It’s the academic equivalent of the friend who’s good at everything. You know the one. She speaks three languages, can fix your plumbing, once spent a summer doing field research in Ecuador. And yet at parties, when someone asks what she does, she says “oh, a little of everything” and watches their eyes glaze over.
The problem isn’t that Colleges of Arts & Sciences lack value. It’s that they’ve spent decades describing themselves in institutional language instead of human language.
Students don’t choose “foundational interdisciplinary excellence.” They choose identity, momentum, outcomes, belonging, curiosity, and possibility.
The institutions winning attention right now are the ones translating the value of a broad education into stories students can actually see themselves in.
Why “Foundational” Messaging Fails Prospective Students
At some point—no one knows exactly when—every College of Arts & Sciences in America reached a quiet consensus to describe itself using the same four words: foundational, interdisciplinary, the heart.
These are not bad words.
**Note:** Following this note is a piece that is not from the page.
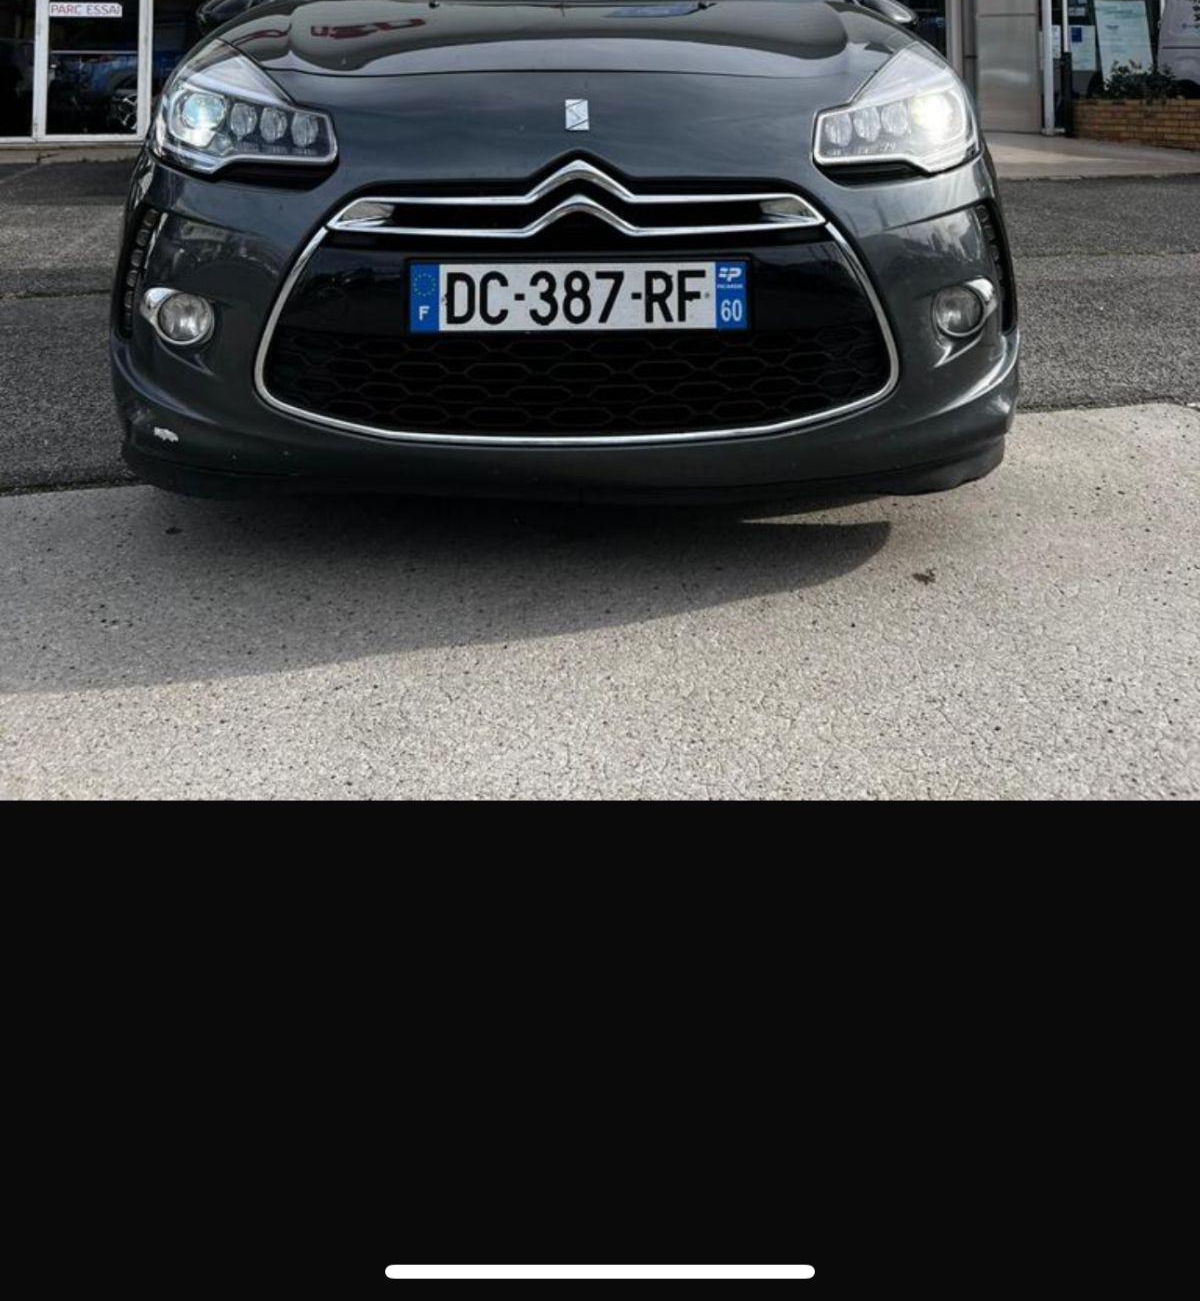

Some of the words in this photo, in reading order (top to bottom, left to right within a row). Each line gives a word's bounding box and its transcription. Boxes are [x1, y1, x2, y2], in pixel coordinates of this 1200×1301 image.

They are simply words that have been deployed so relentlessly, in so many strategic plans and alumni magazines, that they have completely ceased to mean anything. A 17-year-old weighing $200,000 in student debt does not feel her pulse quicken at “foundational.”
And today’s students are making decisions in an environment shaped by enrollment cliffs, economic anxiety, and constant messaging about ROI. If a College of Arts & Sciences can’t explain its value clearly and concretely, someone else will define it for them.
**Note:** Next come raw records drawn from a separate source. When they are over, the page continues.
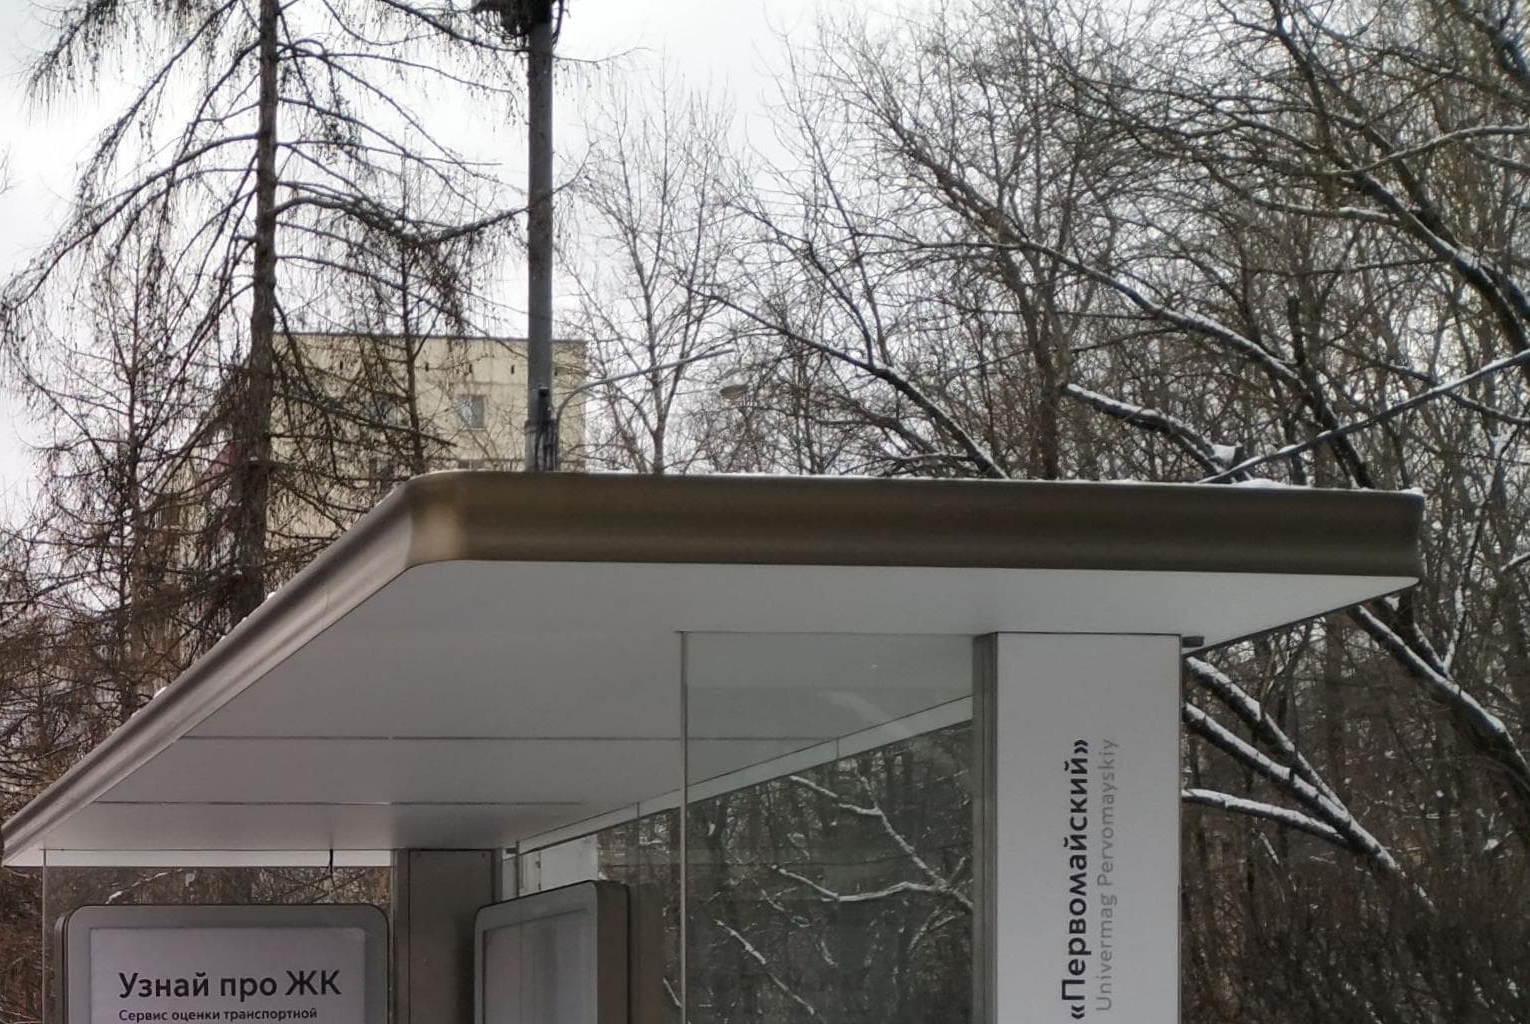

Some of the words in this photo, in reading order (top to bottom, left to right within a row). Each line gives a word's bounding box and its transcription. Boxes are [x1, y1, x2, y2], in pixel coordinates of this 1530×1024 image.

[1096, 738, 1119, 887] Pervomayskiy
[1061, 738, 1092, 1021] «Первомайский»
[118, 971, 209, 999] Узнай
[220, 976, 278, 1002] про
[285, 969, 342, 997] ЖК
[1095, 894, 1117, 1012] Univermag
[118, 1009, 168, 1023] Сервис
[171, 1010, 221, 1022] оценки
[224, 1007, 318, 1021] транспортной
The business school has a flashy digital marketing campaign and maybe a billboard or two to boot. The law school has a career placement rate. Even the nursing school—bless it—has a brand. They have glossy outcome statistics and the kind of crisp, photogenic identity that looks great on a highway overpass. The College of Arts & Sciences has a course catalog so thick it doubles as a doorstop.
How Colleges of Arts & Sciences Can Reclaim Their Identity
It’s time to stop explaining yourself and start making the case — loudly, specifically, without apology.
The College of Arts & Sciences is not a holding pen for undecided freshmen. It is not a general education warehouse or a relic kept around out of institutional sentiment. It is—when someone bothers to say so clearly—a place that produces versatile, curious, genuinely interesting people who can do things that matter in a world that keeps surprising everyone.
You have the story. You just need to stop mumbling it.
Four Messaging Shifts Colleges of Arts & Sciences Should Make Now
1. Stop describing the college structurally — start describing transformation
Students don’t care that your college houses 27 departments. They care who they become because of the experience.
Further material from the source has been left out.